-- Information shown follows --
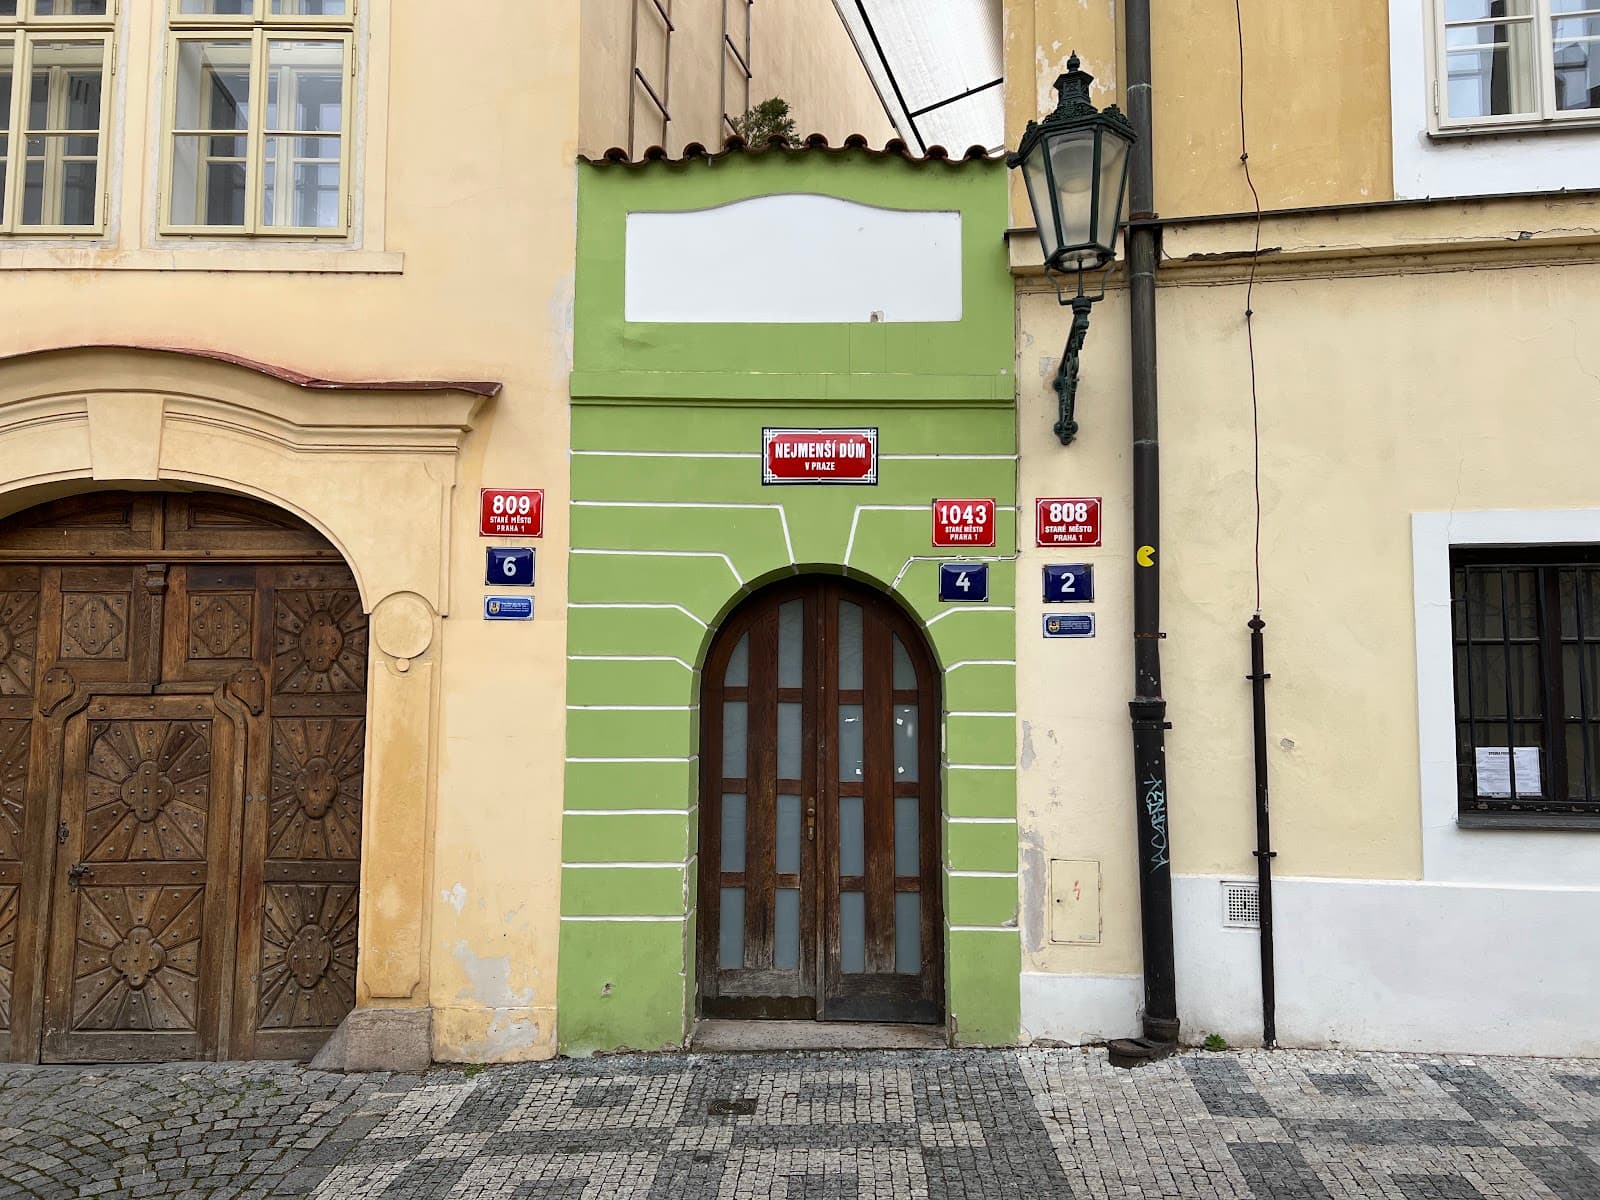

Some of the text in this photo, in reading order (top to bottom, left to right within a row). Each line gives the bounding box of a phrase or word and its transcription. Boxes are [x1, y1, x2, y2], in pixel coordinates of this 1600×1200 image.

[775, 438, 866, 458] NEJMENŠÍ DŮM
[805, 461, 836, 471] V PRAZE
[493, 495, 530, 514] 809
[490, 515, 531, 524] STARÉ MĚSTO
[940, 504, 987, 525] 1043
[1049, 502, 1088, 523] 808
[521, 525, 525, 533] 1
[945, 525, 984, 533] STARÉ MĚSTO
[1044, 523, 1093, 533] STARÉ MĚSTO
[949, 533, 979, 541] PRAHA 1
[1053, 534, 1083, 542] PRAHA 1
[503, 557, 516, 576] 6
[955, 572, 971, 592] 4
[1060, 572, 1076, 593] 2
-- Information shown concluded --
All records above are to be printed exactly, minus the pictures they contain.

_Answer space:_
Some of the text in this photo, in reading order (top to bottom, left to right within a row). Each line gives the bounding box of a phrase or word and its transcription. Boxes are [x1, y1, x2, y2], in pixel coordinates of this 1600×1200 image.

[775, 438, 866, 458] NEJMENŠÍ DŮM
[805, 461, 836, 471] V PRAZE
[493, 495, 530, 514] 809
[490, 515, 531, 524] STARÉ MĚSTO
[940, 504, 987, 525] 1043
[1049, 502, 1088, 523] 808
[521, 525, 525, 533] 1
[945, 525, 984, 533] STARÉ MĚSTO
[1044, 523, 1093, 533] STARÉ MĚSTO
[949, 533, 979, 541] PRAHA 1
[1053, 534, 1083, 542] PRAHA 1
[503, 557, 516, 576] 6
[955, 572, 971, 592] 4
[1060, 572, 1076, 593] 2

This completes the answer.